** TASK TO CARRY OUT **
Omitting the images, transcribe the records below exactly as they stand.

** DATA RECORDS **
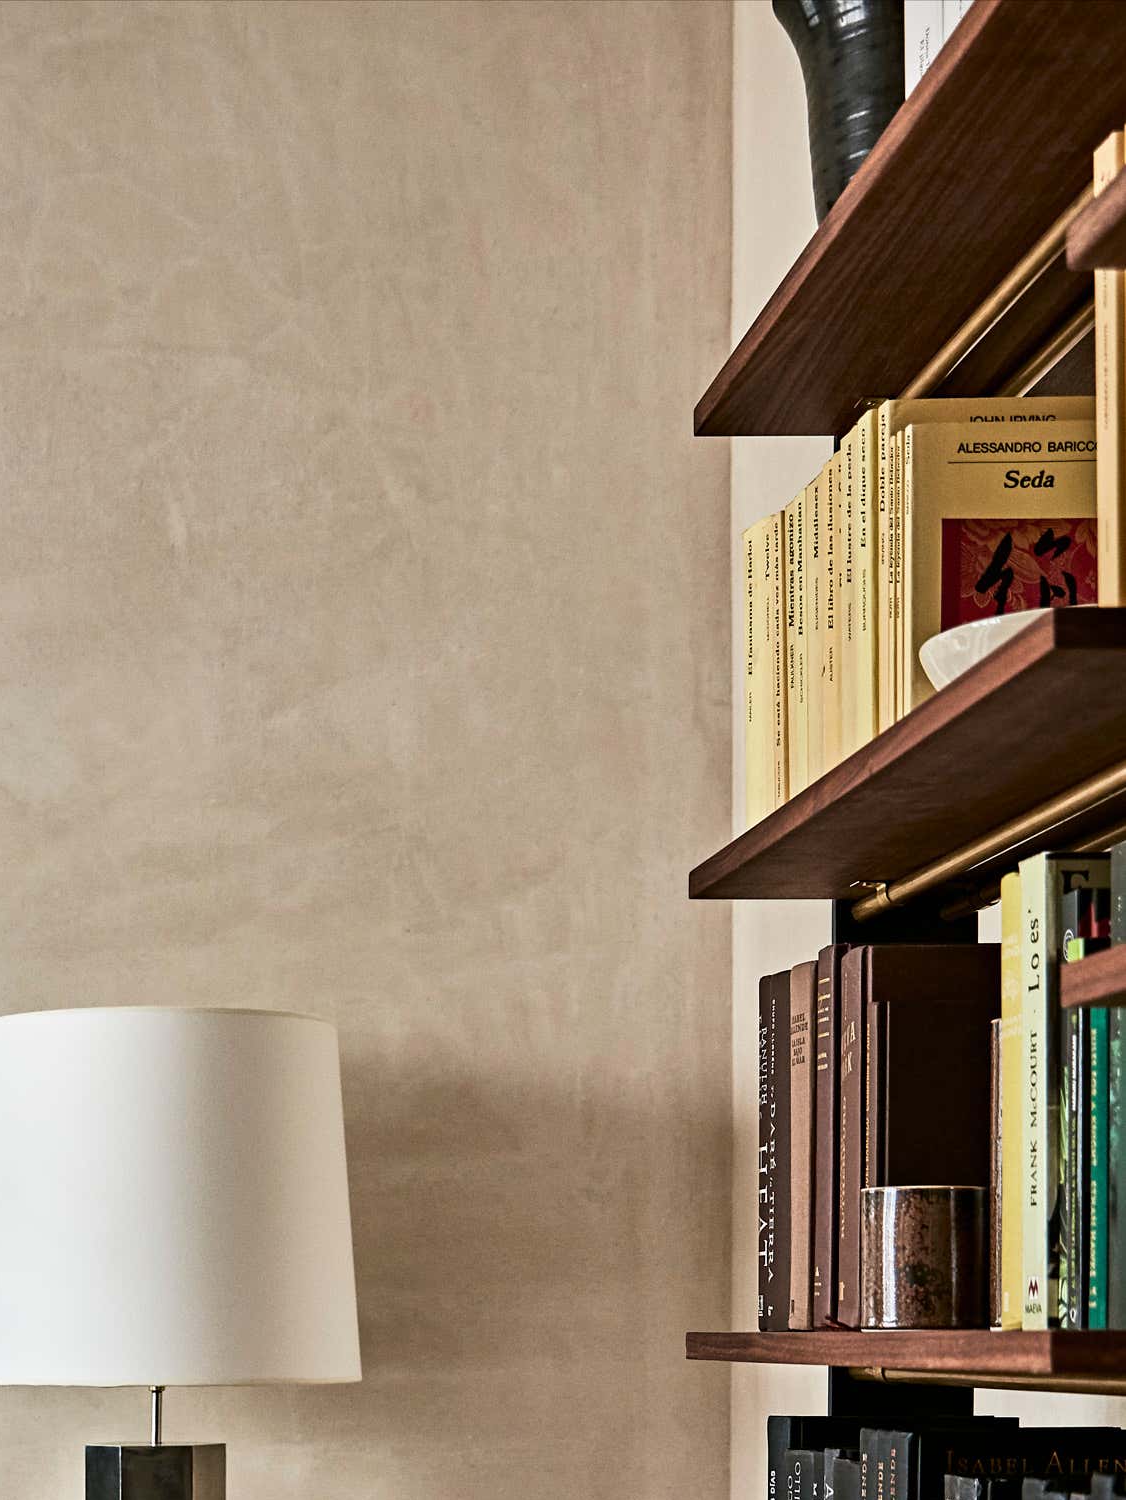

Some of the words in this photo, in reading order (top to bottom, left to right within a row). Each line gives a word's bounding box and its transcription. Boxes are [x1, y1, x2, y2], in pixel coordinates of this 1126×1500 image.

[956, 440, 1042, 454] ALESSANDRO
[845, 443, 853, 480] perla
[1004, 469, 1056, 489] Seda
[846, 501, 852, 518] de
[860, 511, 866, 524] el
[860, 527, 866, 548] En
[827, 559, 834, 576] de
[846, 568, 852, 583] El
[797, 576, 803, 592] en
[827, 614, 834, 629] El
[1029, 1028, 1038, 1129] McCOURT
[1029, 1139, 1038, 1209] FRANK
[759, 1142, 768, 1267] HEAT
[945, 1449, 1027, 1473] ISABEL

** ANSWER AREA **
Some of the words in this photo, in reading order (top to bottom, left to right within a row). Each line gives a word's bounding box and its transcription. Boxes are [x1, y1, x2, y2], in pixel coordinates of this 1126×1500 image.

[956, 440, 1042, 454] ALESSANDRO
[845, 443, 853, 480] perla
[1004, 469, 1056, 489] Seda
[846, 501, 852, 518] de
[860, 511, 866, 524] el
[860, 527, 866, 548] En
[827, 559, 834, 576] de
[846, 568, 852, 583] El
[797, 576, 803, 592] en
[827, 614, 834, 629] El
[1029, 1028, 1038, 1129] McCOURT
[1029, 1139, 1038, 1209] FRANK
[759, 1142, 768, 1267] HEAT
[945, 1449, 1027, 1473] ISABEL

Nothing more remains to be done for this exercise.